Is Watching Anime a Waste of Time?

If you’re a Christian who enjoys watching anime—especially if you’ve discovered several series that keep your eyes glued to the screen until their final episodes—you’ve probably found yourself asking: Is watching anime a waste of time? Or does it add enough value to my life to make it worthwhile?

Is Watching Anime a Waste of Time?

Perhaps the biggest red flag that you may be spending too much time with something—anime or otherwise—is that it becomes the priority in your life. In Jesus’s words, “No one can serve two masters.” (Matthew 6:24) In context, this verse is talking about the love of money, but I think this wisdom is applicable to most anything this side of heaven, including anime. Back in the 1400s, the word “priority” was used in the singular to emphasize an object of sole greatest importance.
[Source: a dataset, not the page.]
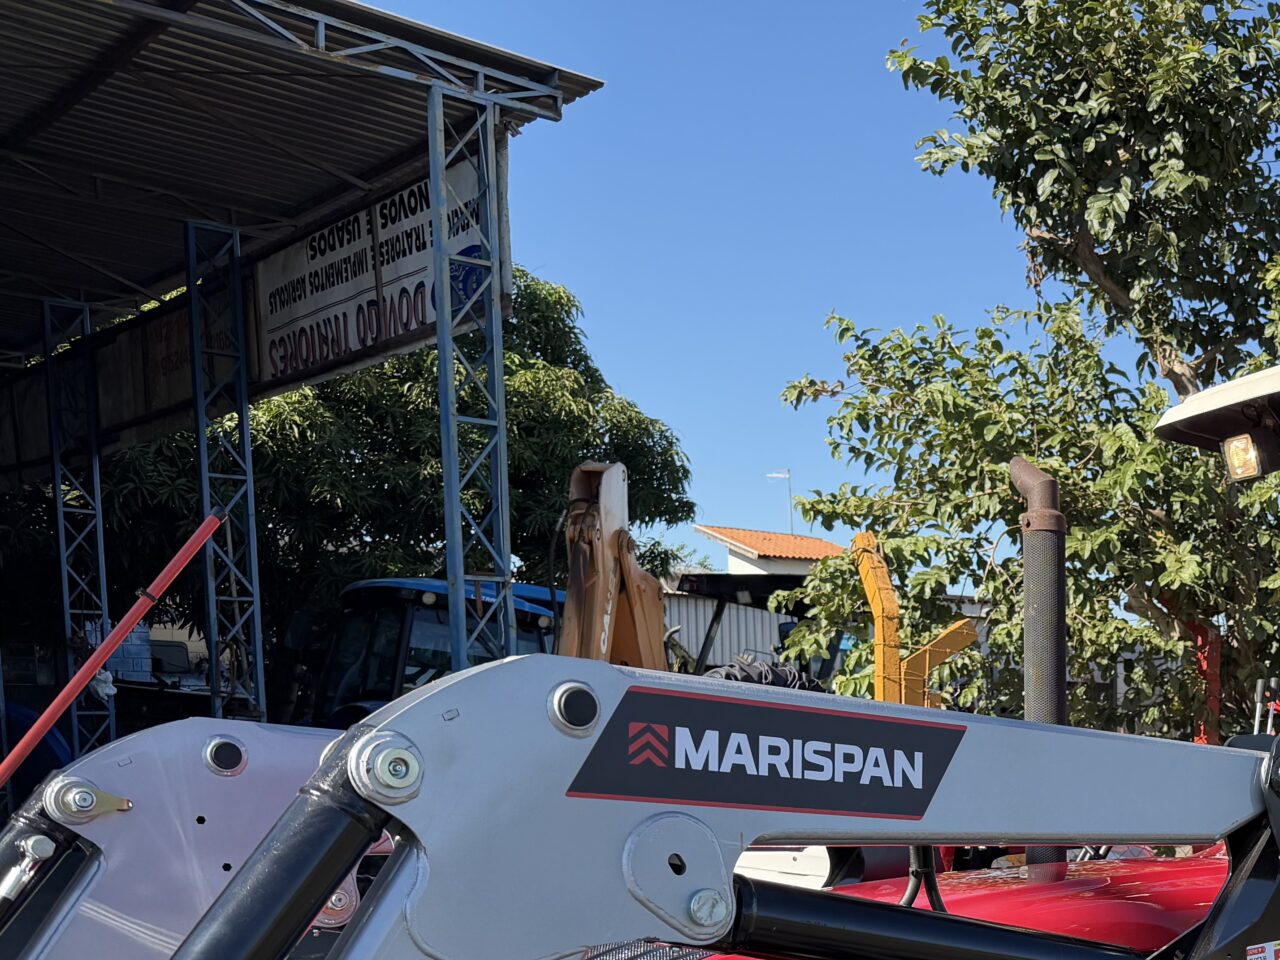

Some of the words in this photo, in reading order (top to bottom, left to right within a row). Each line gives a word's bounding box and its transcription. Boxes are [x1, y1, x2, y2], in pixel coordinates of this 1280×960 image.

It wasn’t until the 1900s that the plural form, “priorities,” became widely used—perhaps to reflect modern society’s irrational view that a multitude of things could be simultaneously seated on the throne of “most important.” Viewing the evolution of the word through Christ’s teachings, it’s plain to see that though we try to bend reality to our will, the fact remains: “No one can serve two masters.” The throne is only big enough for one, and we should ensure that only Someone truly worthy is seated upon it.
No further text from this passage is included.